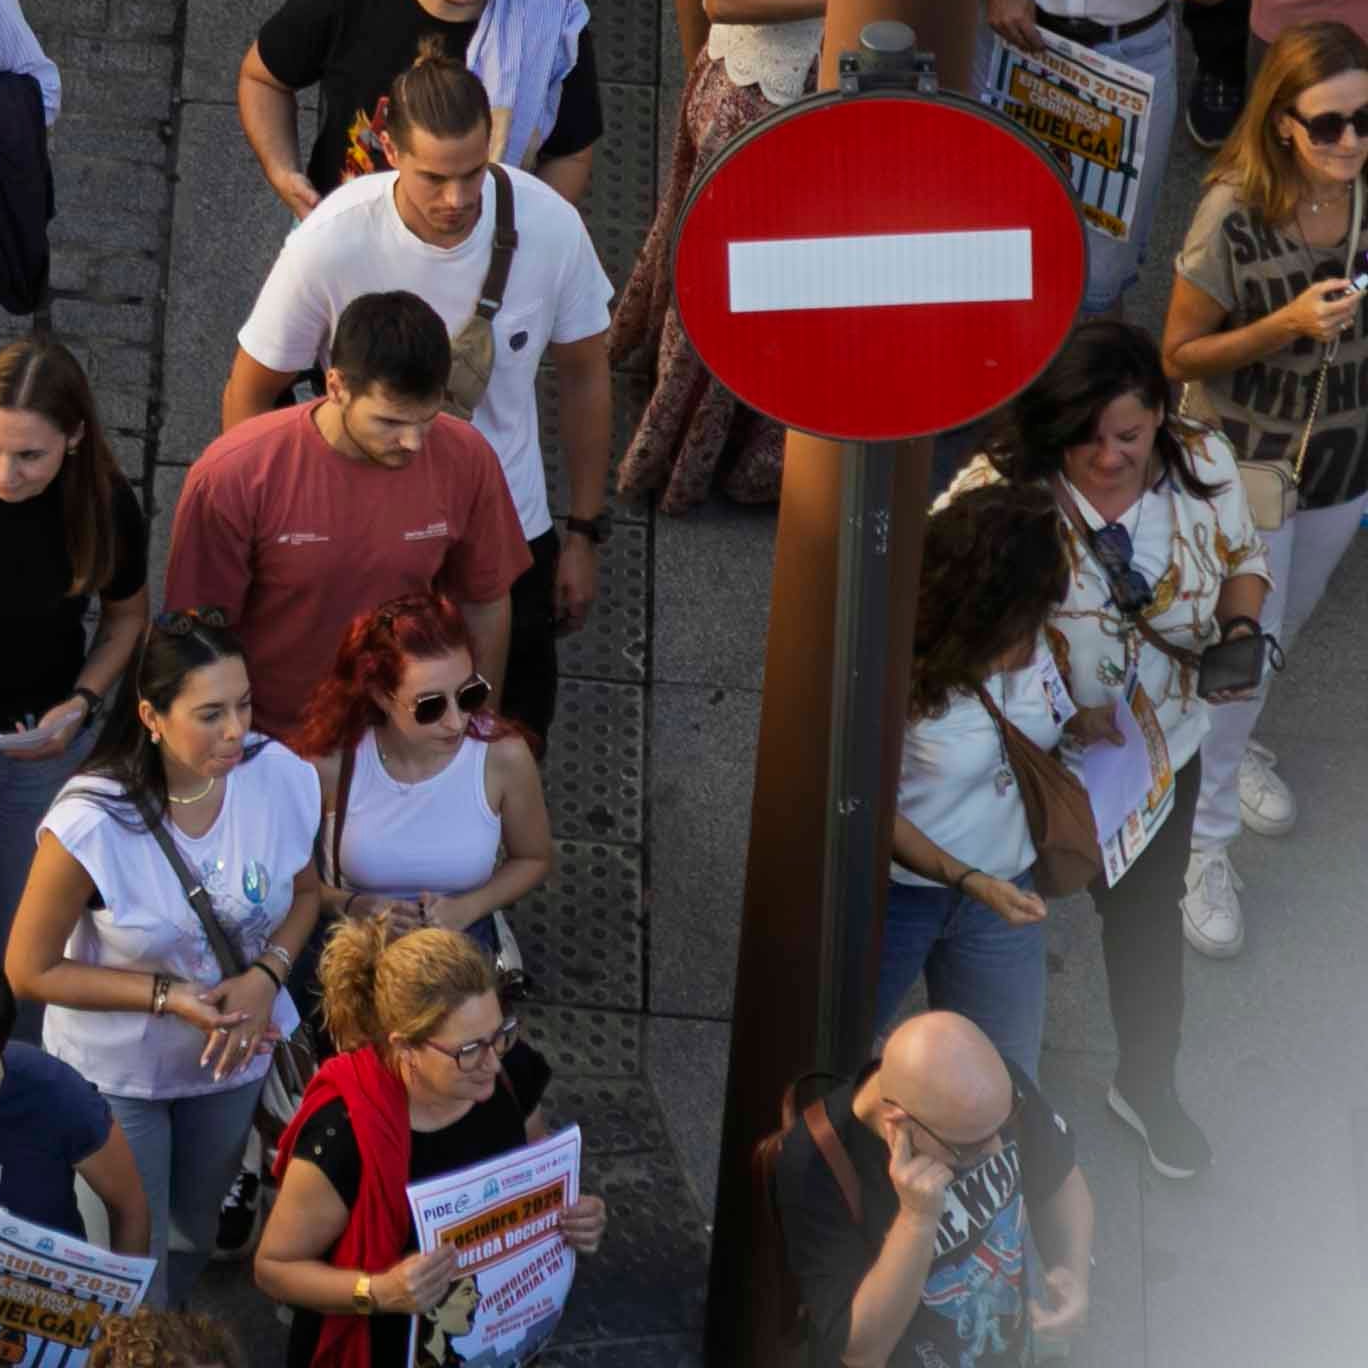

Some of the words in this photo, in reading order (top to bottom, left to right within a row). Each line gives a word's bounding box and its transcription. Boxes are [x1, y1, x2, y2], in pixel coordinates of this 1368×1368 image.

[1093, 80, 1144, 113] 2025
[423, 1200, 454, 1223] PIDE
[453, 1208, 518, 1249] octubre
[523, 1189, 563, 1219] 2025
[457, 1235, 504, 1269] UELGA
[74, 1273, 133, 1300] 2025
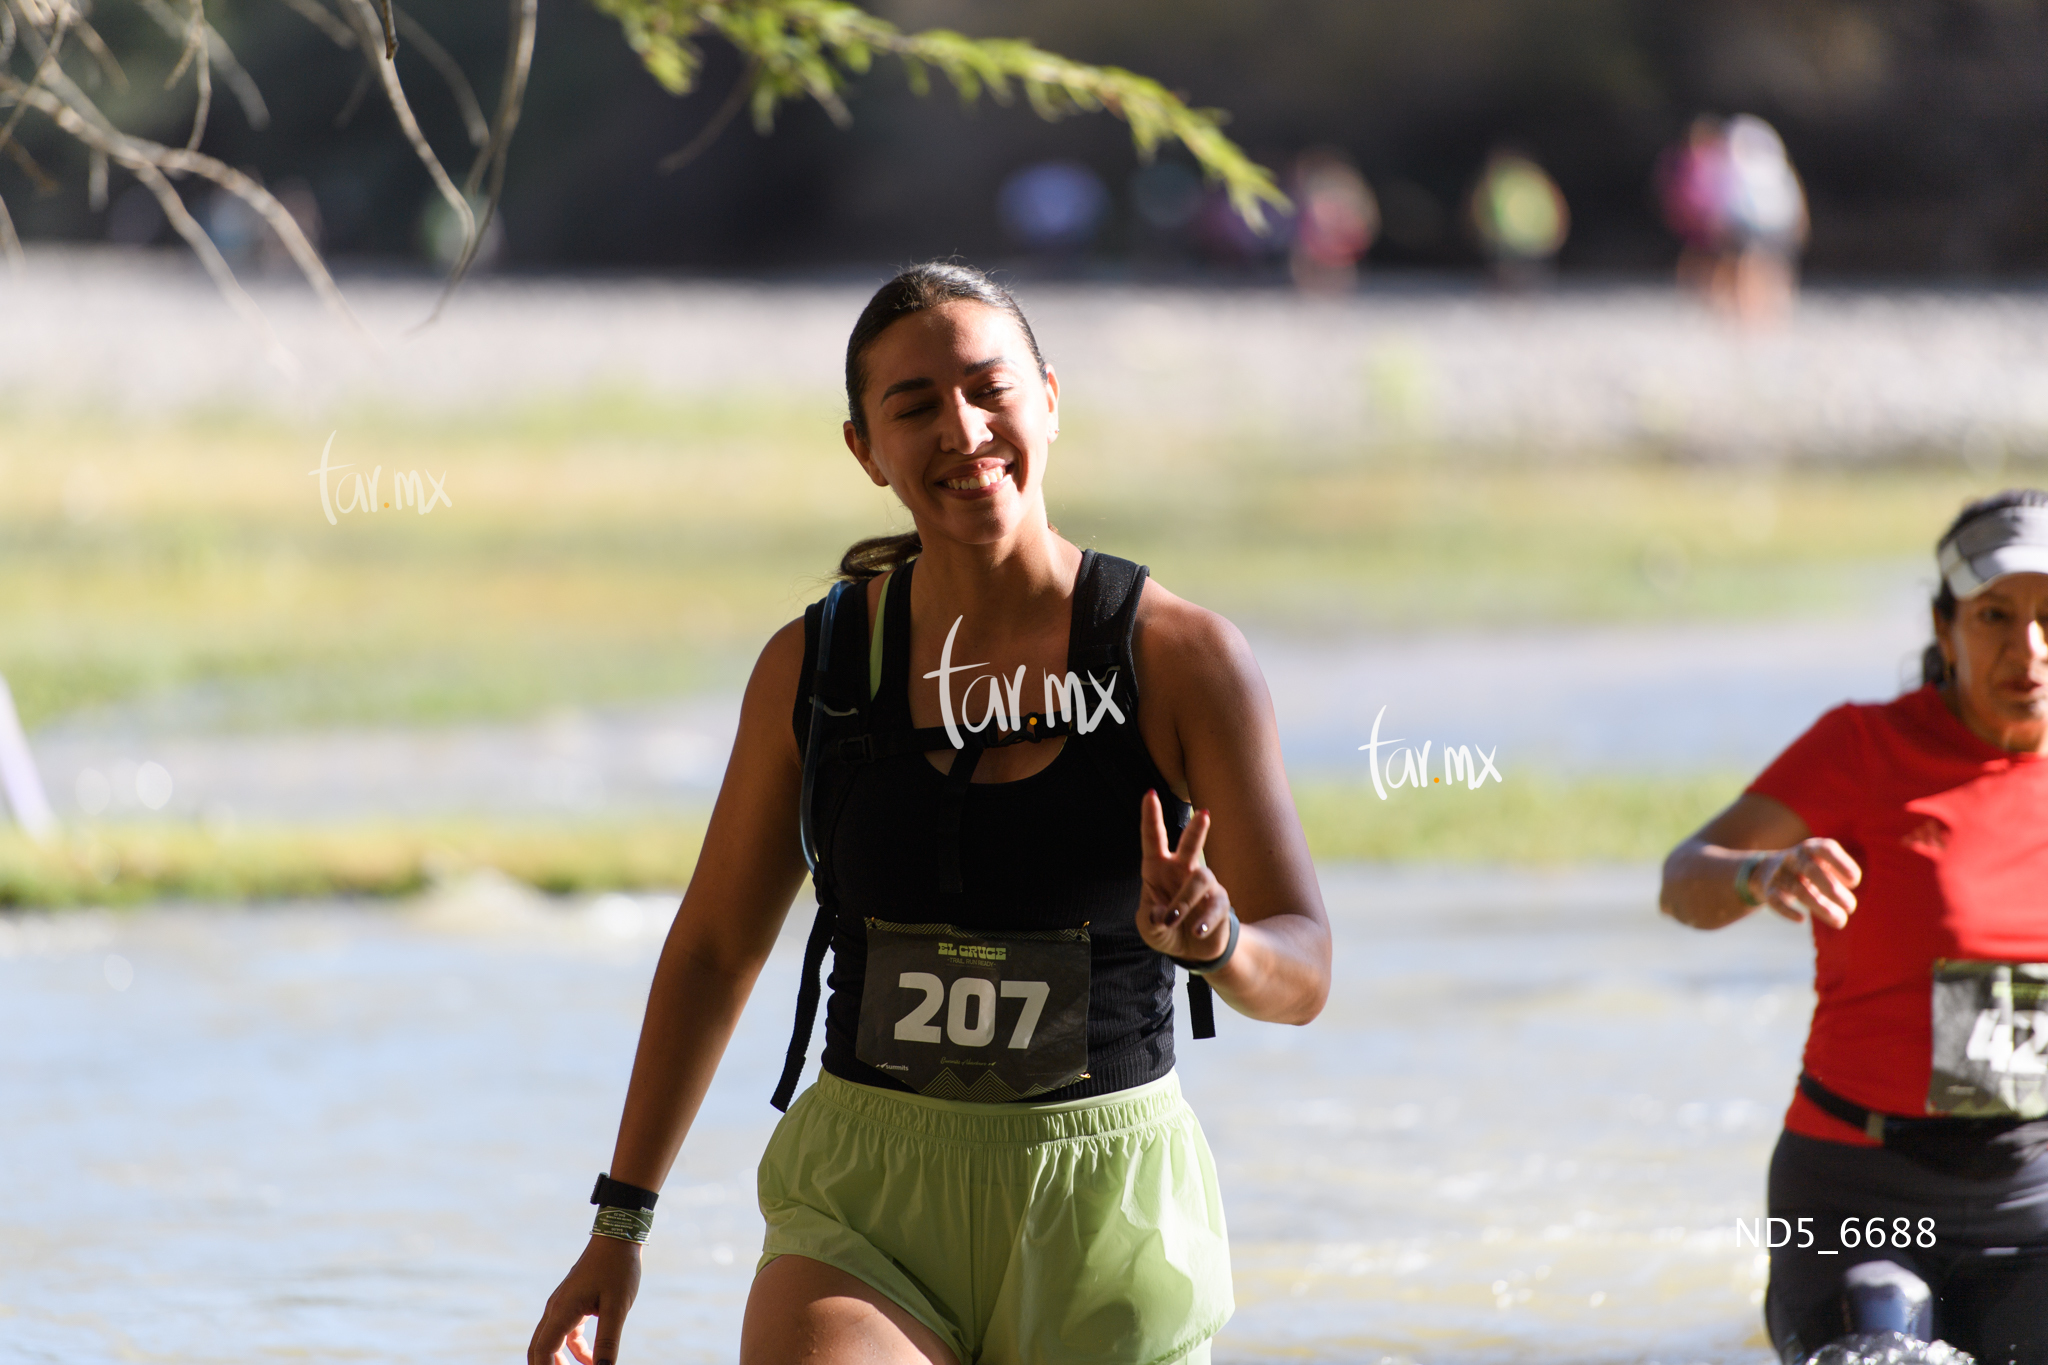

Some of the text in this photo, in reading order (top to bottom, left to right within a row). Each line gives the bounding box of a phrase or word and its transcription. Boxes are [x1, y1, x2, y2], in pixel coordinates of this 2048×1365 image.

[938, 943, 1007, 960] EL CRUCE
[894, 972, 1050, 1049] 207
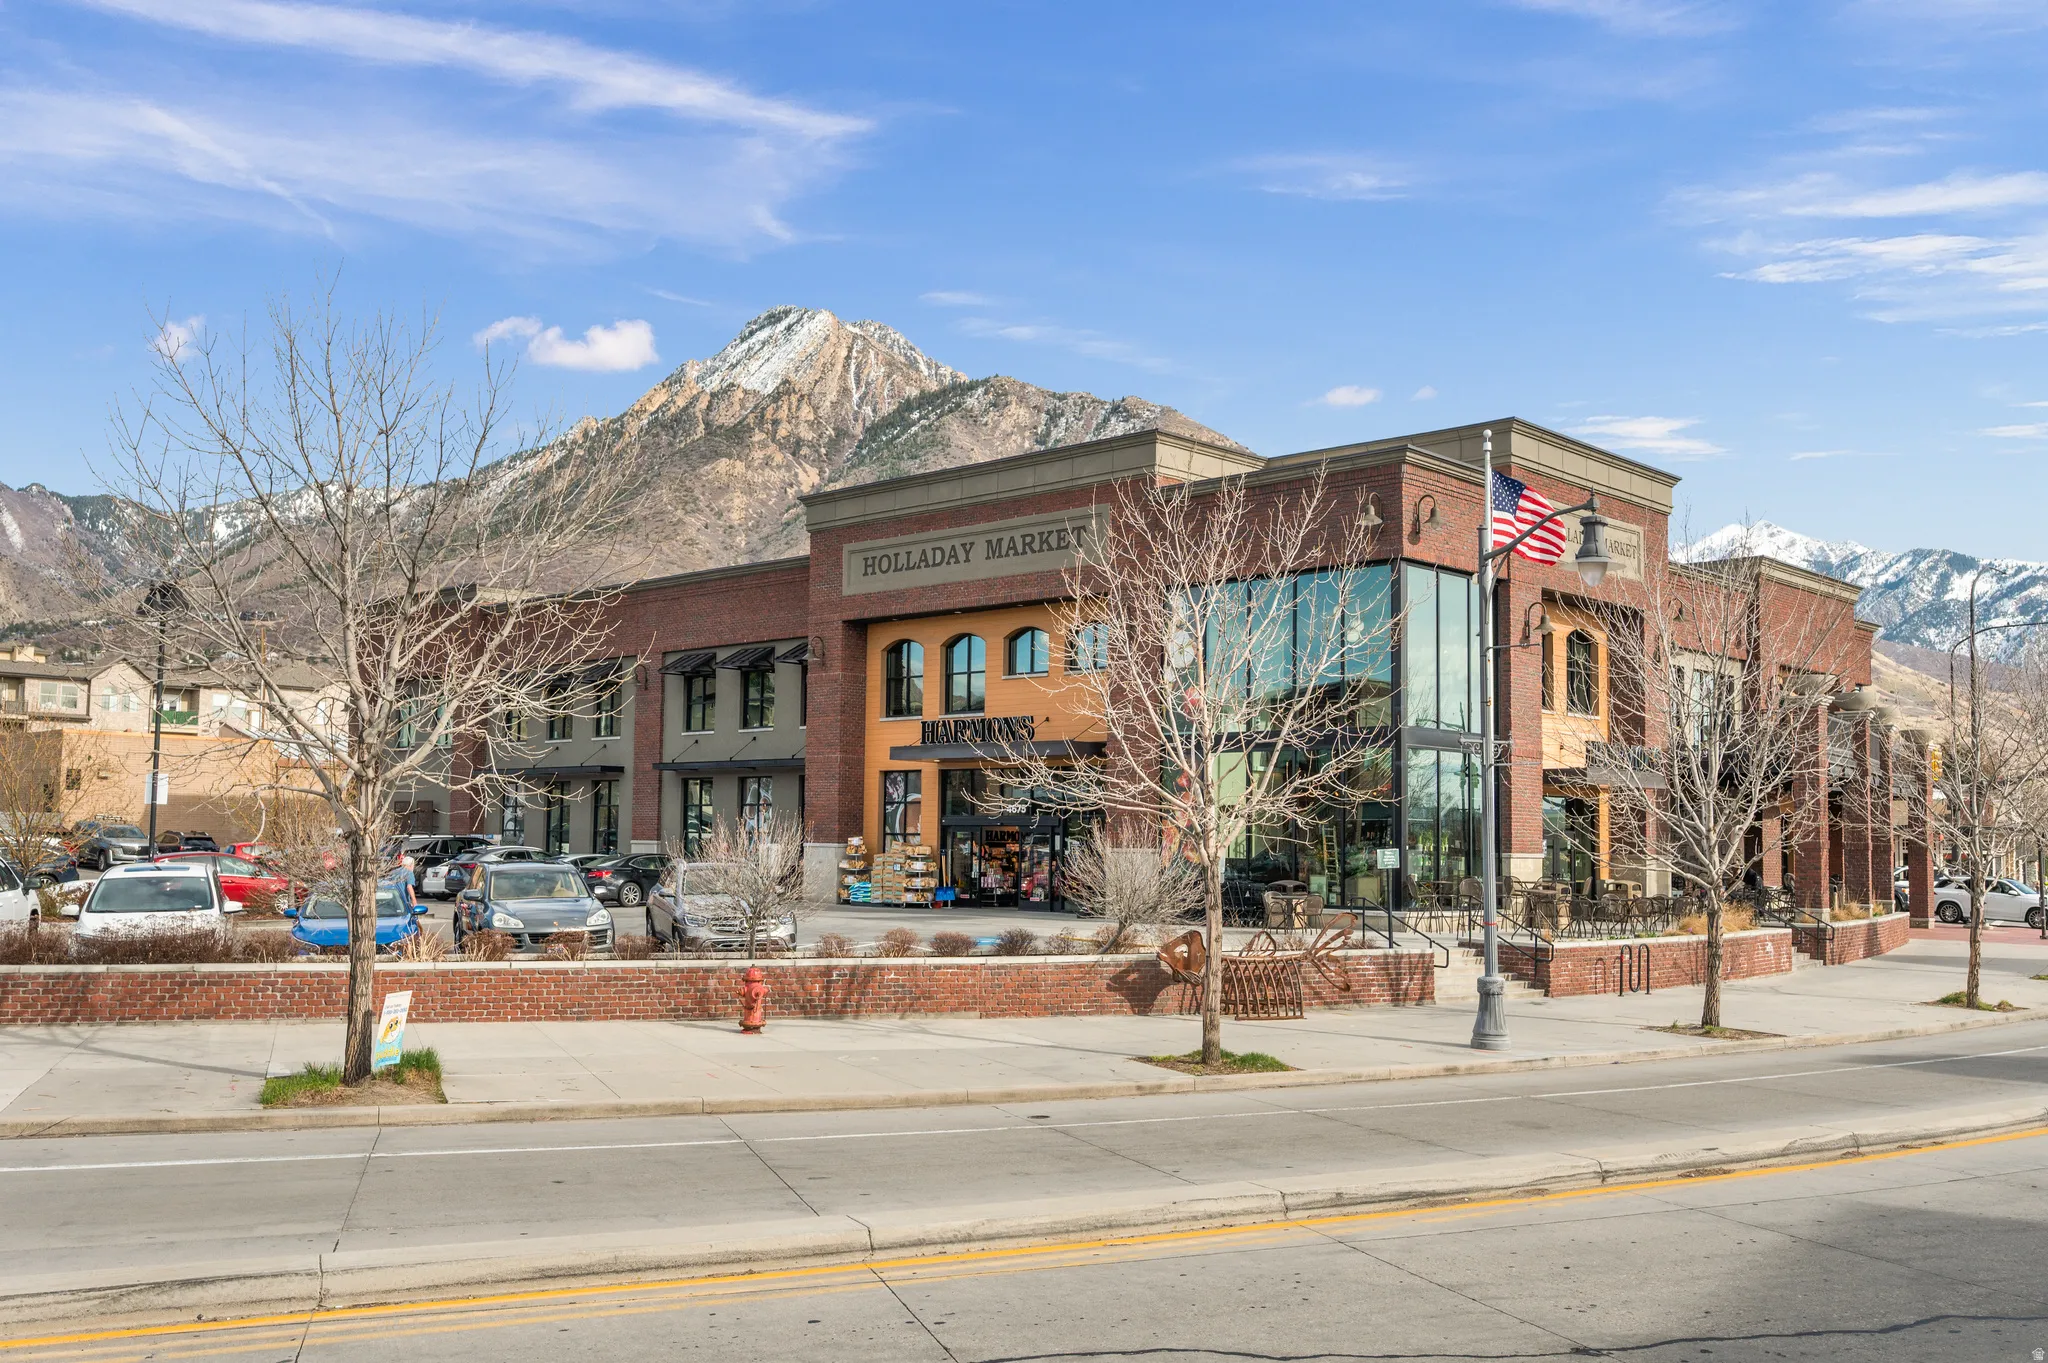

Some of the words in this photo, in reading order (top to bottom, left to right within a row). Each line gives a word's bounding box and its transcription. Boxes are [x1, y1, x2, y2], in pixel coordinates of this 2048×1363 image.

- - -

**Exercise description:** Leaving out the pictures, return the records exactly as given.

**Exercise answer:**
Some of the words in this photo, in reading order (top to bottom, left to right within a row). Each line gives a word's bounding box and its transcription. Boxes are [x1, y1, x2, y2], in pixel coordinates of this 1368×1368 image.

[1093, 80, 1144, 113] 2025
[423, 1200, 454, 1223] PIDE
[453, 1208, 518, 1249] octubre
[523, 1189, 563, 1219] 2025
[457, 1235, 504, 1269] UELGA
[74, 1273, 133, 1300] 2025

Some of the text in this photo, in reading order (top to bottom, left to right within a row). Each line gives the bounding box of a phrase or word and its transcription. Boxes are [x1, y1, x2, y2], in pixel coordinates of this 2048×1365 image.

[938, 943, 1007, 960] EL CRUCE
[894, 972, 1050, 1049] 207

Some of the words in this photo, in reading order (top to bottom, left to right within a row). Each line gives a word's bounding box and its transcription. Boxes are [x1, y1, x2, y2], in pixel coordinates of this 2048×1363 image.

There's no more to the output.